(RECORDS FOR PROCESSING begins)

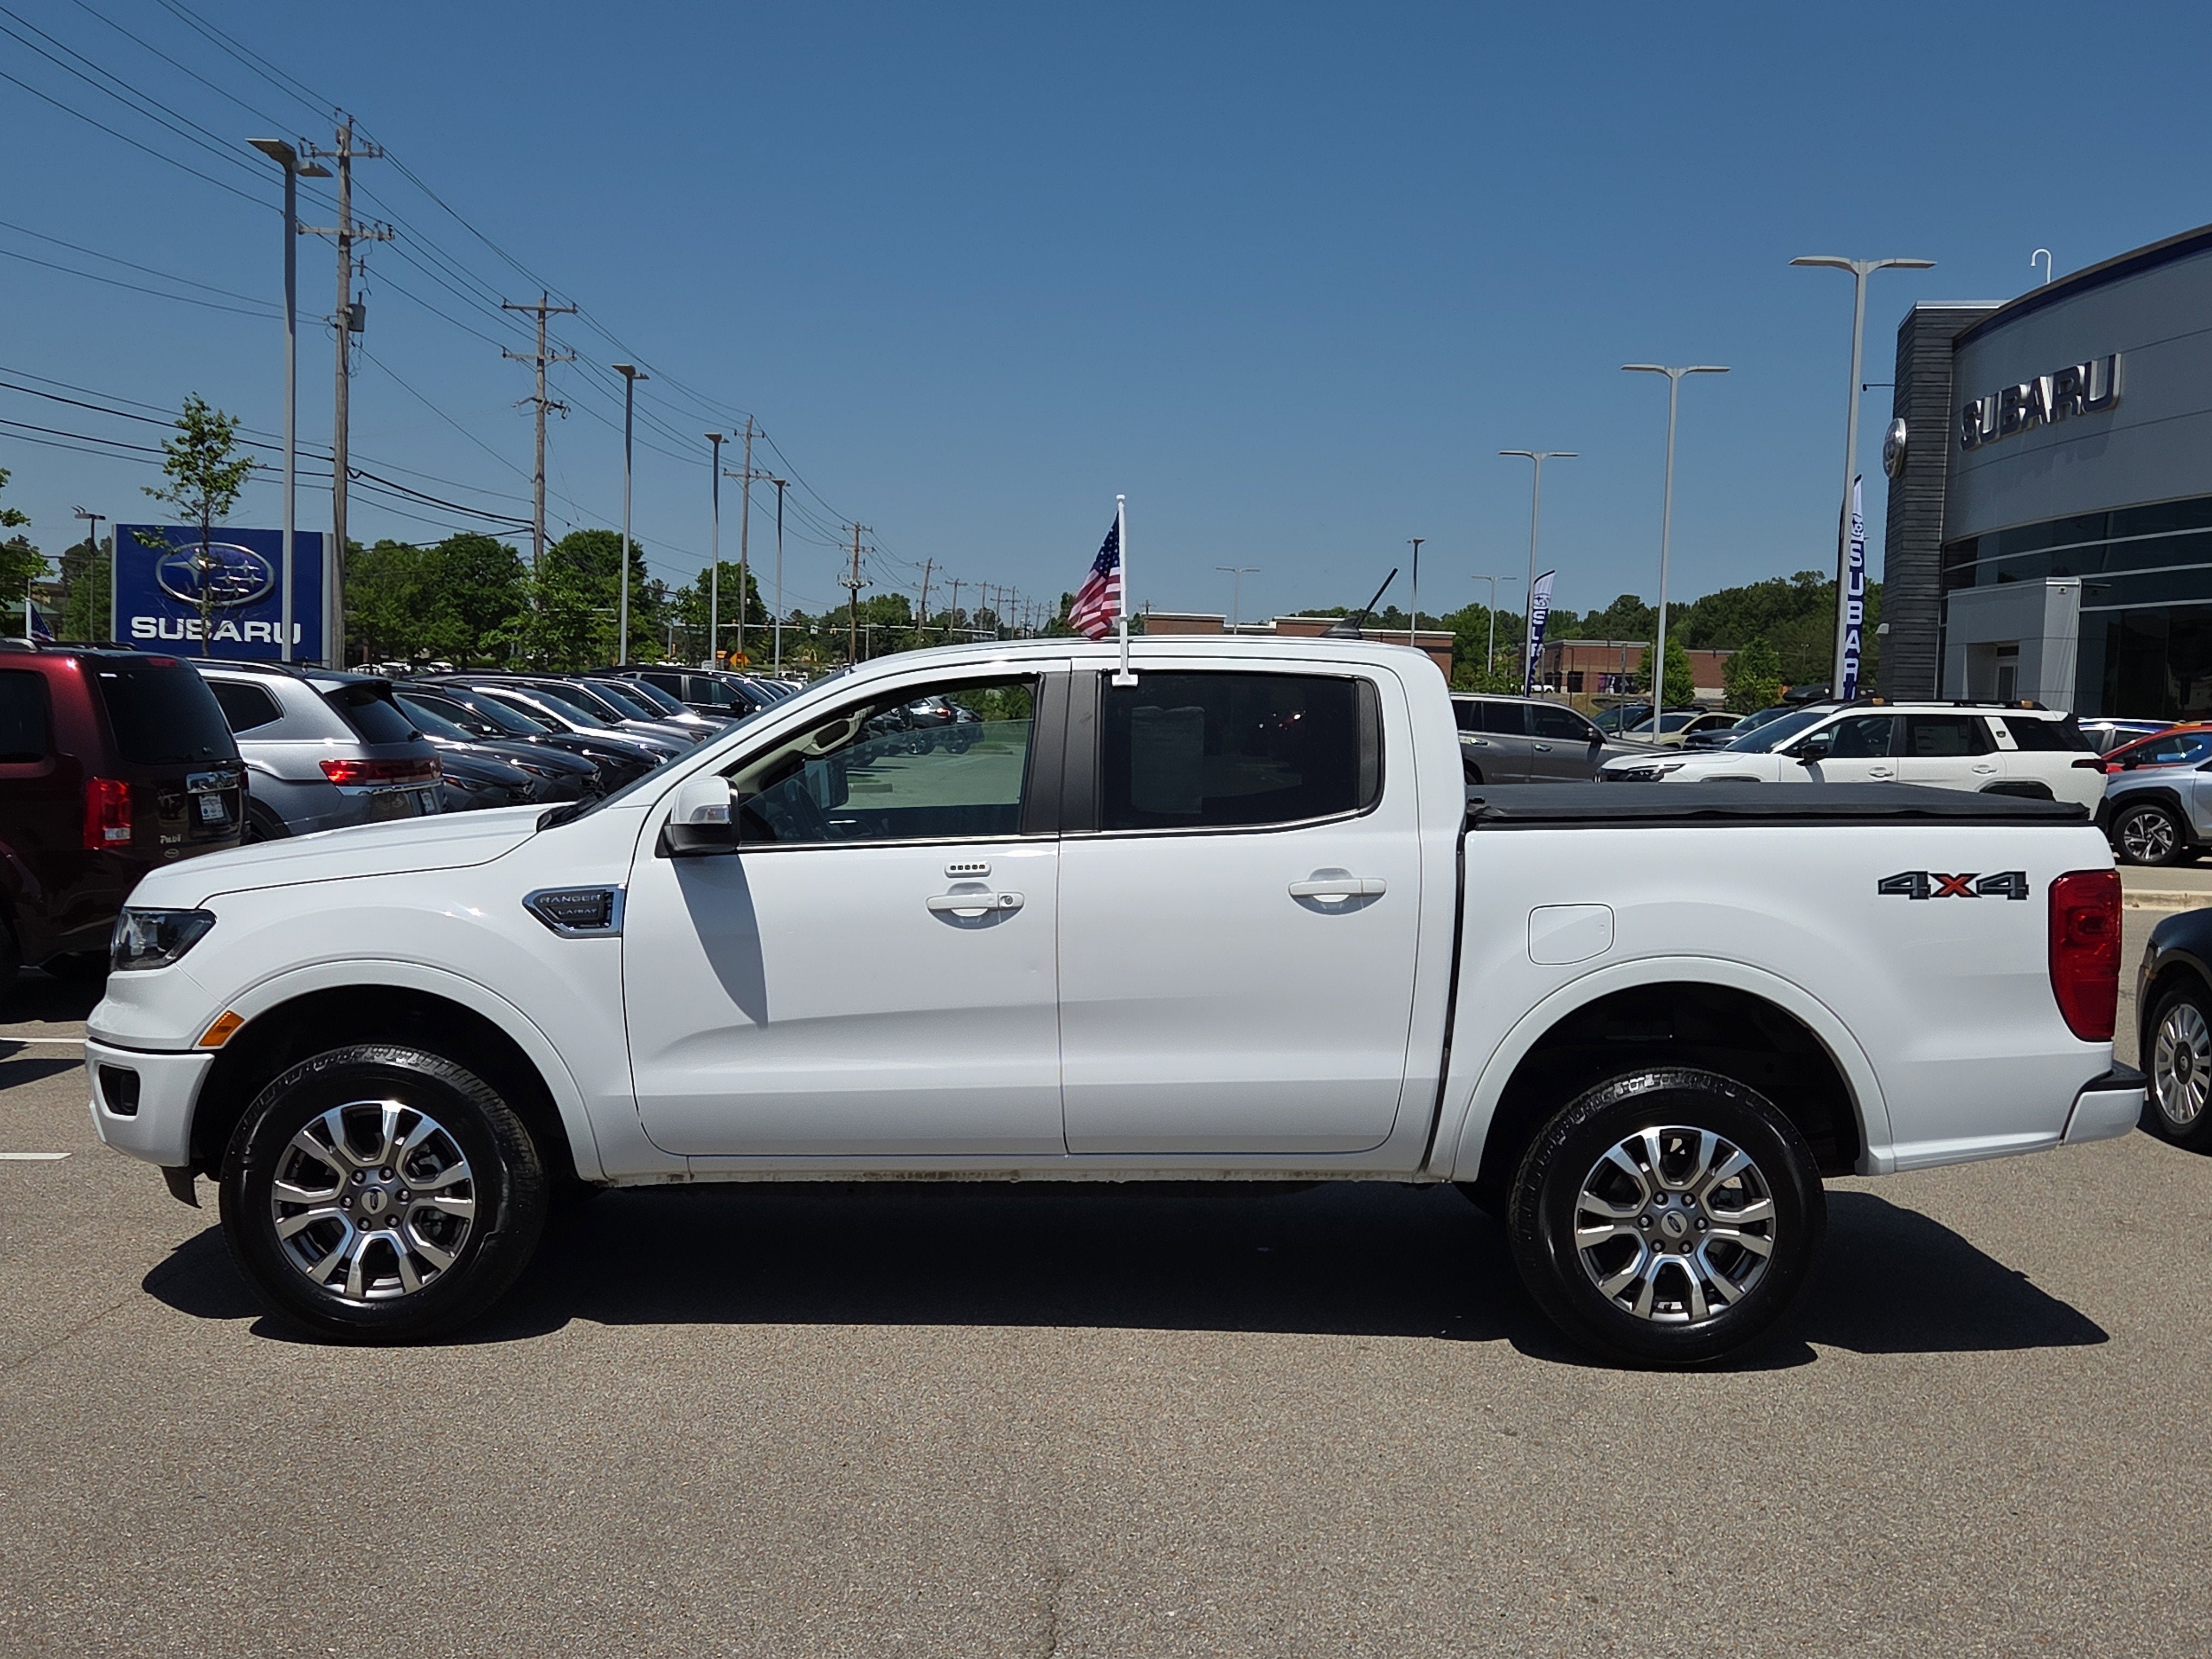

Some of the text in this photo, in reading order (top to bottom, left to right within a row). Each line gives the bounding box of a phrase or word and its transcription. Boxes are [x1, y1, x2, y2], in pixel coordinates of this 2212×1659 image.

[1960, 353, 2122, 452] SUBARU
[131, 616, 301, 645] SUBARU
[540, 894, 601, 903] RANGER
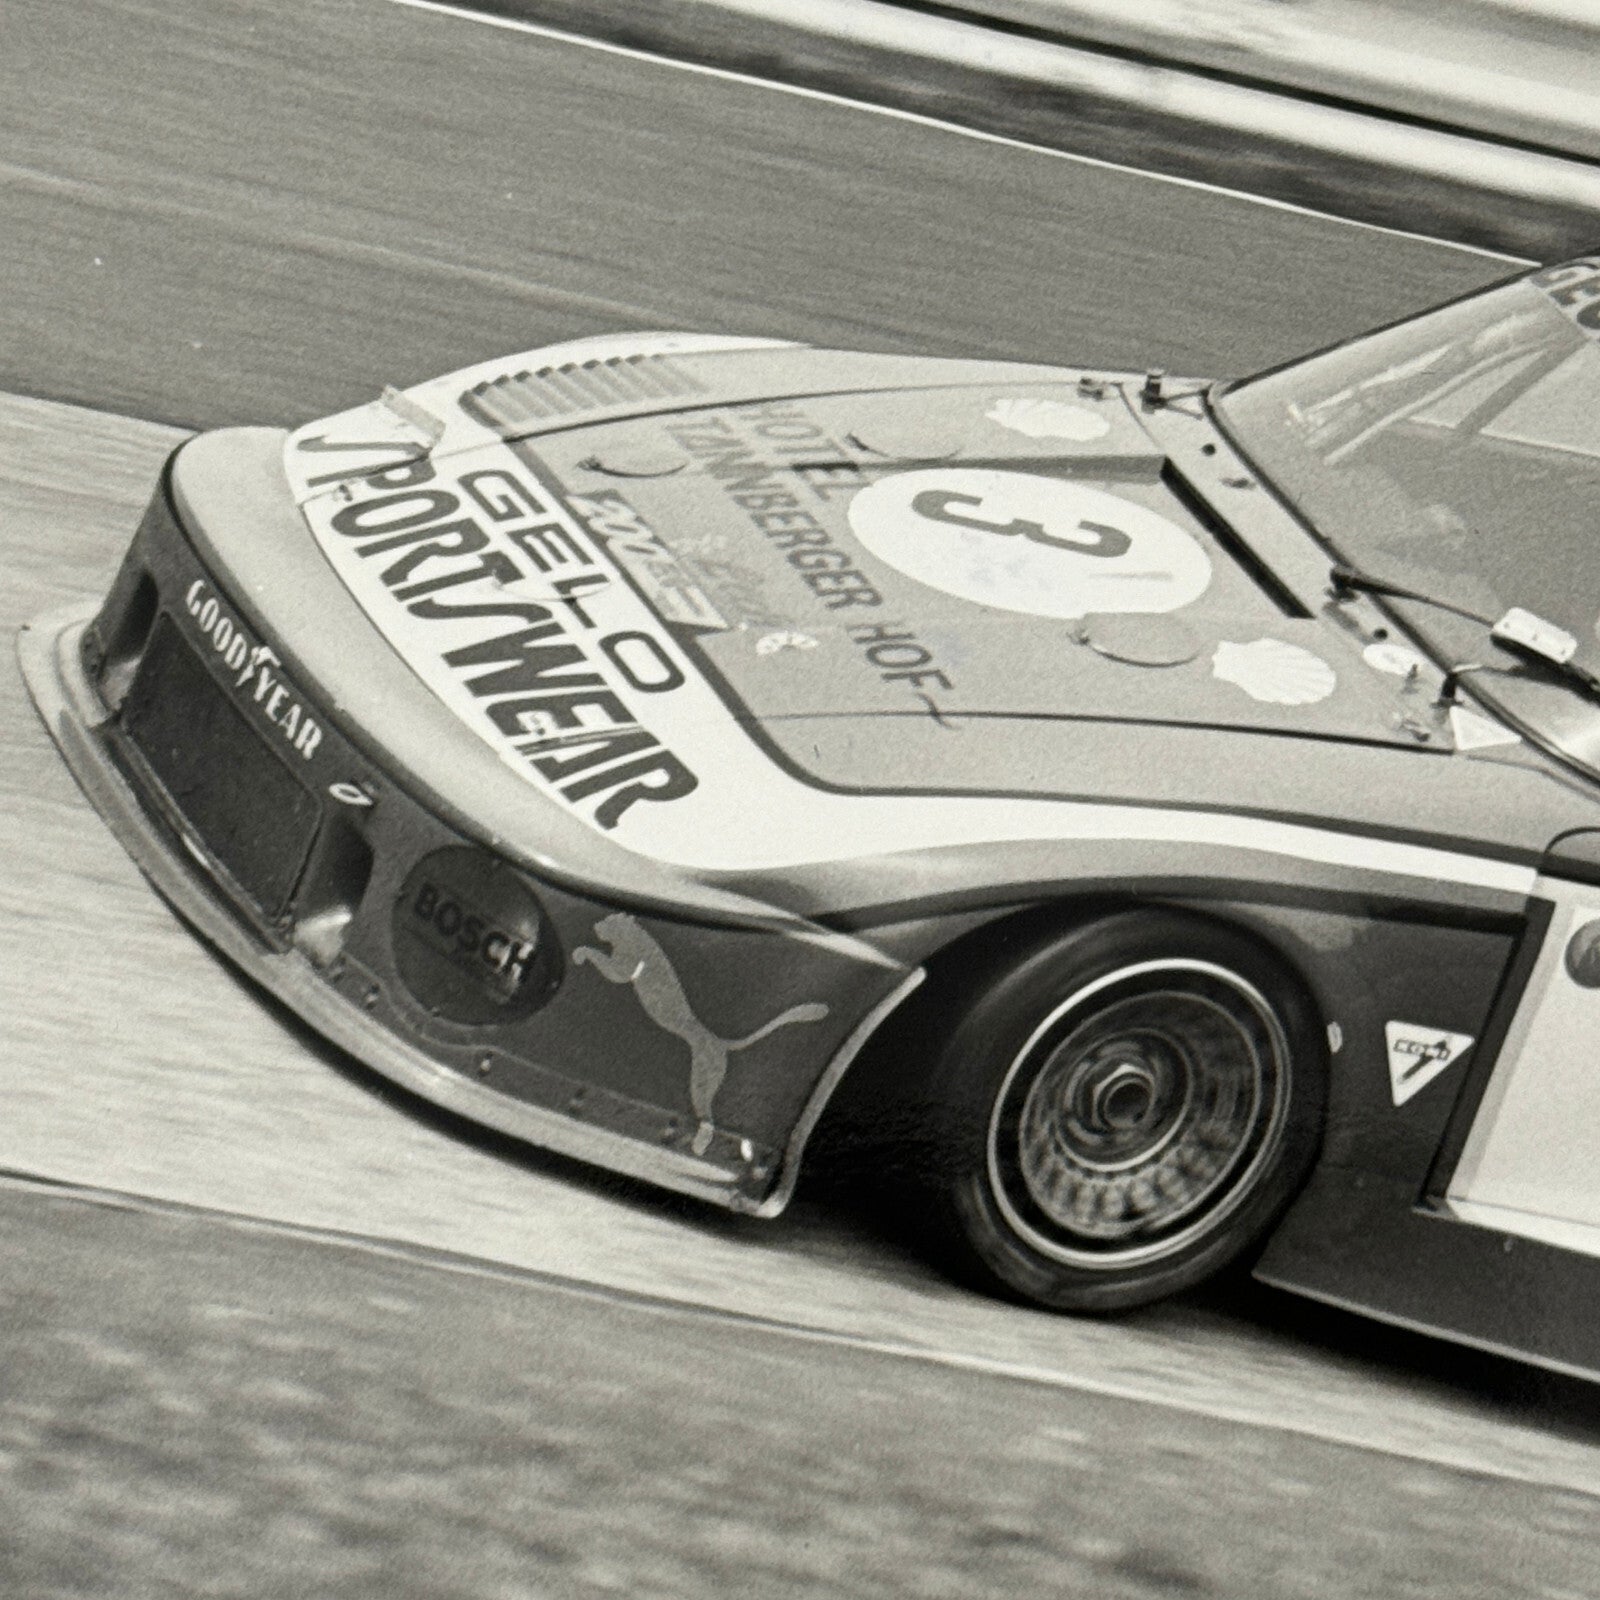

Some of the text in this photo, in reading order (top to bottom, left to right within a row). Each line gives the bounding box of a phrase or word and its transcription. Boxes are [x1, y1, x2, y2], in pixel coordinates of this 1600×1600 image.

[739, 403, 874, 501] HOTEL
[910, 489, 1133, 559] 3
[456, 469, 686, 693] GELO
[185, 579, 323, 761] GOODYEAR
[297, 435, 700, 831] SPORTSWEAR
[846, 621, 955, 691] HOF
[413, 882, 537, 983] BOSCH

(RECORDS FOR PROCESSING ends)

• _TASK TO COMPLETE_
All lines from the one holding "this 1600×1600 image." through the end of the entries need to be given again exactly. Leave out the others.

• _ANSWER TO THIS PROBLEM_
Some of the text in this photo, in reading order (top to bottom, left to right within a row). Each line gives the bounding box of a phrase or word and its transcription. Boxes are [x1, y1, x2, y2], in pixel coordinates of this 1600×1600 image.

[739, 403, 874, 501] HOTEL
[910, 489, 1133, 559] 3
[456, 469, 686, 693] GELO
[185, 579, 323, 761] GOODYEAR
[297, 435, 700, 831] SPORTSWEAR
[846, 621, 955, 691] HOF
[413, 882, 537, 983] BOSCH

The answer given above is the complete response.